By checking the TPS output voltage with a digital multimeter, you can flag a faulty sensor and cure a drivability complaint. With the ignition switch off, set your meter to the DC volts position and connect the black test lead to a good ground. (If you have an auto-ranging meter, you may want to set it to a manual range so that an automatic range shift doesn’t overshadow a sensor glitch.) Connect the red lead to the TPS signal return wire. Turn the ignition switch on and open the throttle slowly while observing the meter’s display. Voltage should change smoothly as you sweep the throttle from idle to wide-open. A meter with a bar graph on the display can help catch a faulty sensor. If voltage changed erratically, replace the TPS. If the TPS voltage setting doesn’t match the manufacturer’s specs, adjust the TPS first, if possible. If the voltage reading still fails to meet specs after adjustment replace the TPS.

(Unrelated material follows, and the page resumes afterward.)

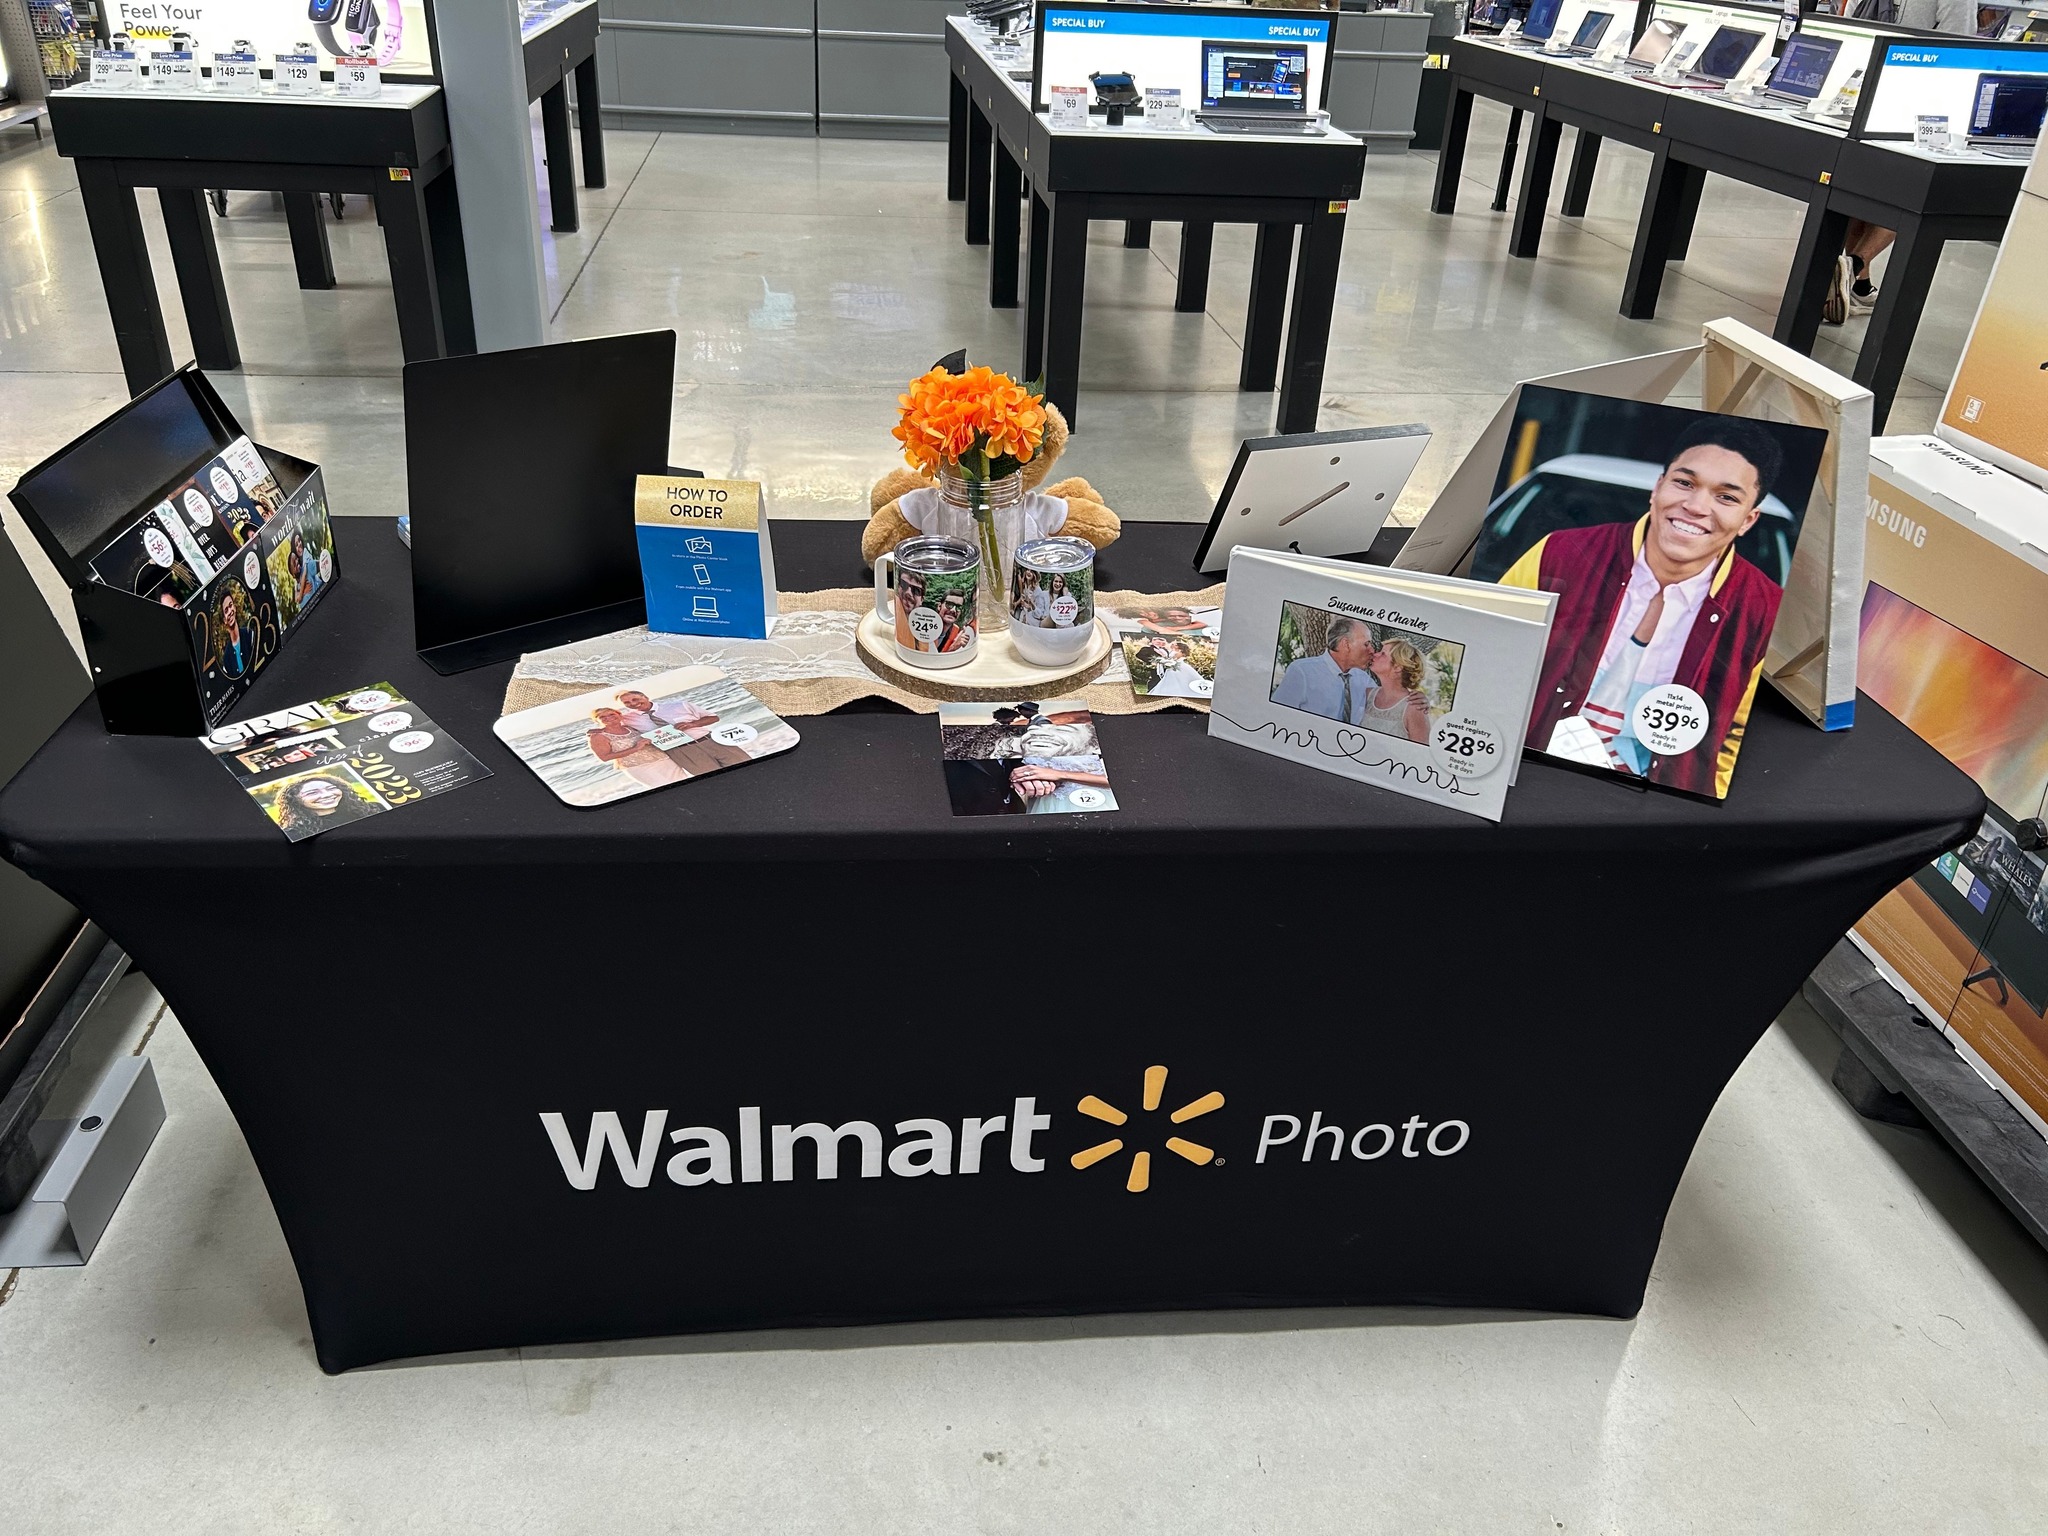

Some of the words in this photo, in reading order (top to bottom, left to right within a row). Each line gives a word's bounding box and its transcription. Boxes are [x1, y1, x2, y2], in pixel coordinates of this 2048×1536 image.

First, always confirm the complaint. Never attempt to diagnose a problem without first confirming that the problem actually exists. If you can’t duplicate it, you can’t fix it. Next, understand the circuit. A few minutes spent understanding circuit operation can save hours of troubleshooting time. Know what, how and why the circuit operates first. Then, test the circuit. Use the equipment and procedures recommended by the vehicle manufacturer and never skip steps. Proper troubleshooting takes discipline, but saves time. After your diagnosis is complete, make the repair. Once you’ve concluded what the circuit fault is, fix it the right way. If the repairs require splicing or disassembly of connectors, follow the manufacturer’s procedures to achieve a reliable, long-lasting repair. Finally, check your work. After repairs have been completed, make sure you try the circuit in all modes of operation. It’s one thing to fix a headlight circuit that doesn’t work, but if there are no high-beams, you’re not finished.

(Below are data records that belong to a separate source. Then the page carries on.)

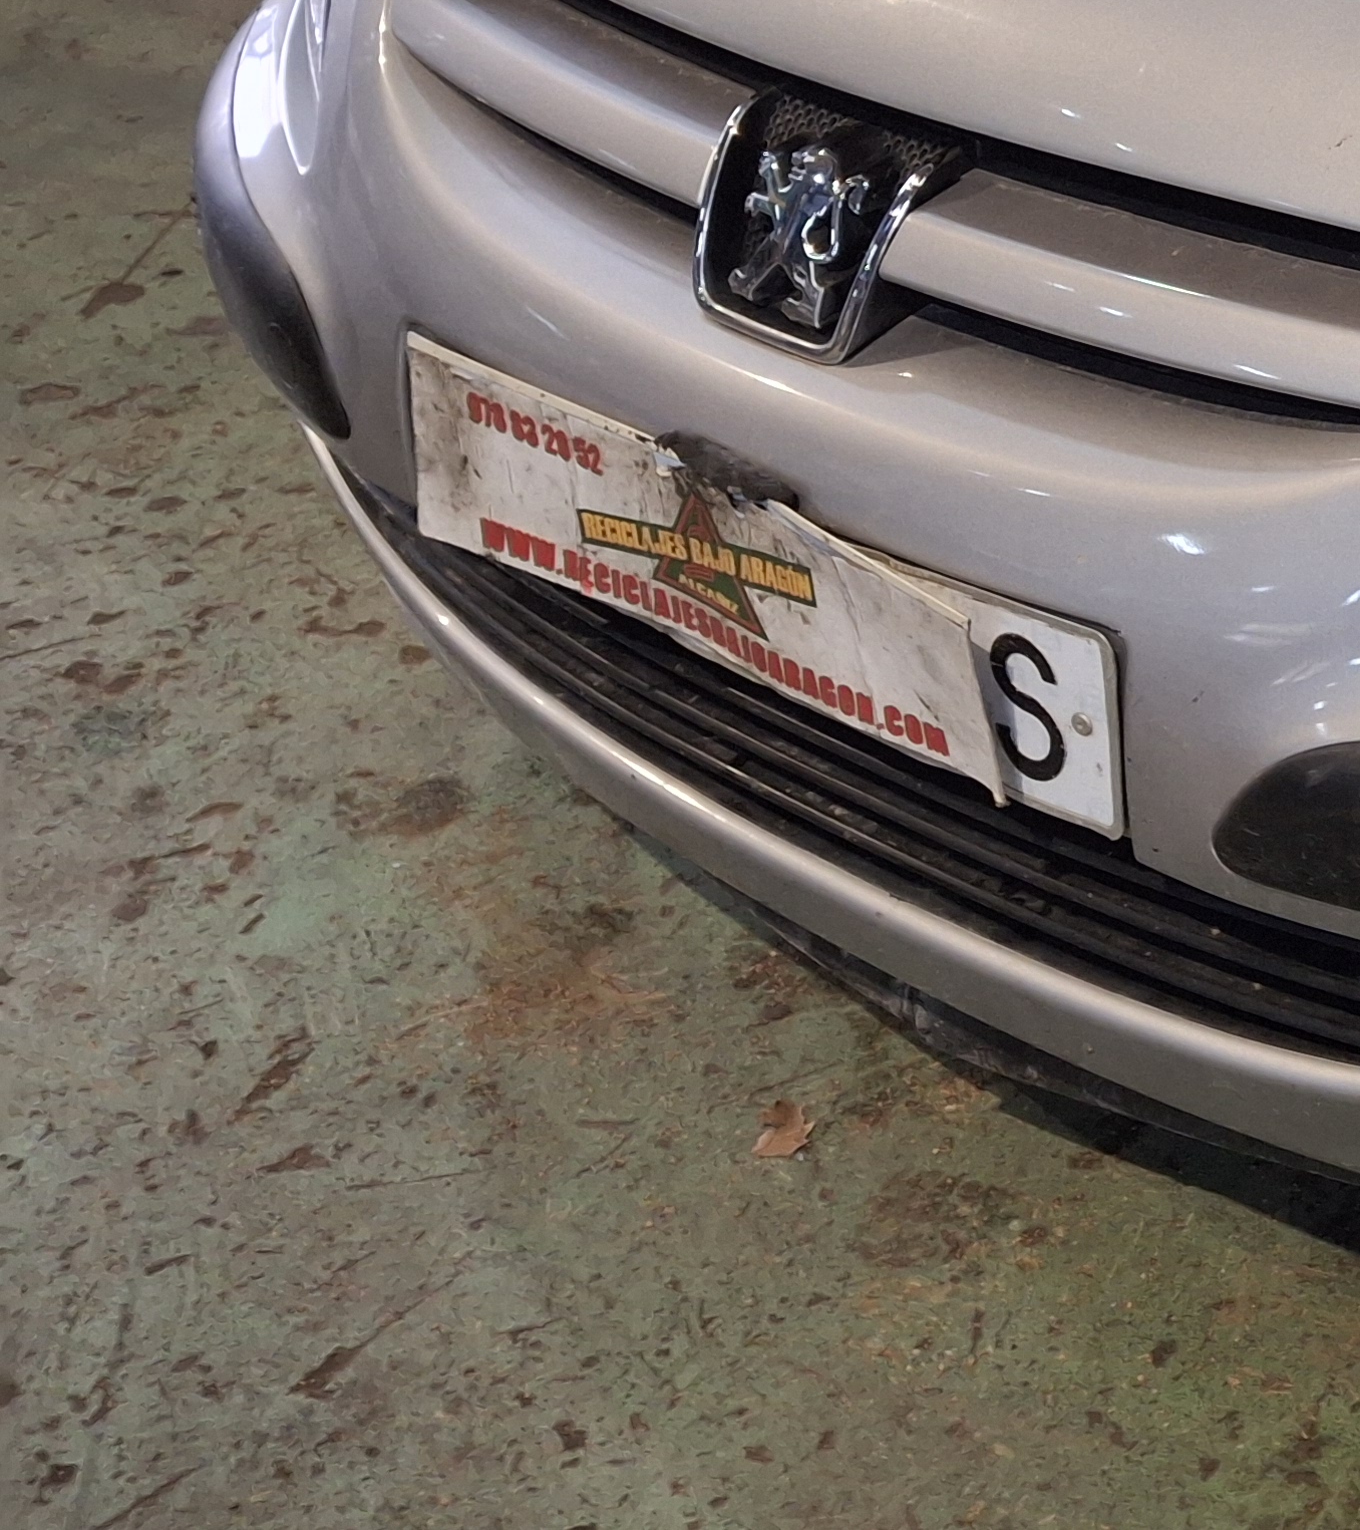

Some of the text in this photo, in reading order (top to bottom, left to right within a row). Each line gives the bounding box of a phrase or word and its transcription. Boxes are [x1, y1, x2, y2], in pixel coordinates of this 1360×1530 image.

[572, 436, 603, 476] 52
[581, 512, 688, 561] RECICLAJES
[689, 537, 736, 577] BAJO
[480, 517, 950, 757] WWW.RECICLAJESBAJOARAGON.COM
[989, 633, 1067, 782] S

Often, a battery’s open circuit (unloaded) voltage is used solely as an indicator of battery health. This approach is a misdiagnosis in the making. First, look for the load test spec on the battery’s label or in a shop manual. If neither of these is available, use half the battery’s cold cranking amperage (CCA) or three times its amp-hour rating. Using a tester with a load device such as a carbon pile, connect the tester’s load leads to their respective battery terminals and connect the tester’s inductive amp pickup around one of the battery cables (It doesn’t matter which cable). Zero the amps display or needle and set the volts switch to the proper position. Dial in the load with the load control to the specified value and hold it for 15 seconds. The voltage should stay above 9.6 with the battery temperature at 70 degrees F and above. Lower temperatures will show lower voltages. If the battery flunks this test, replace it.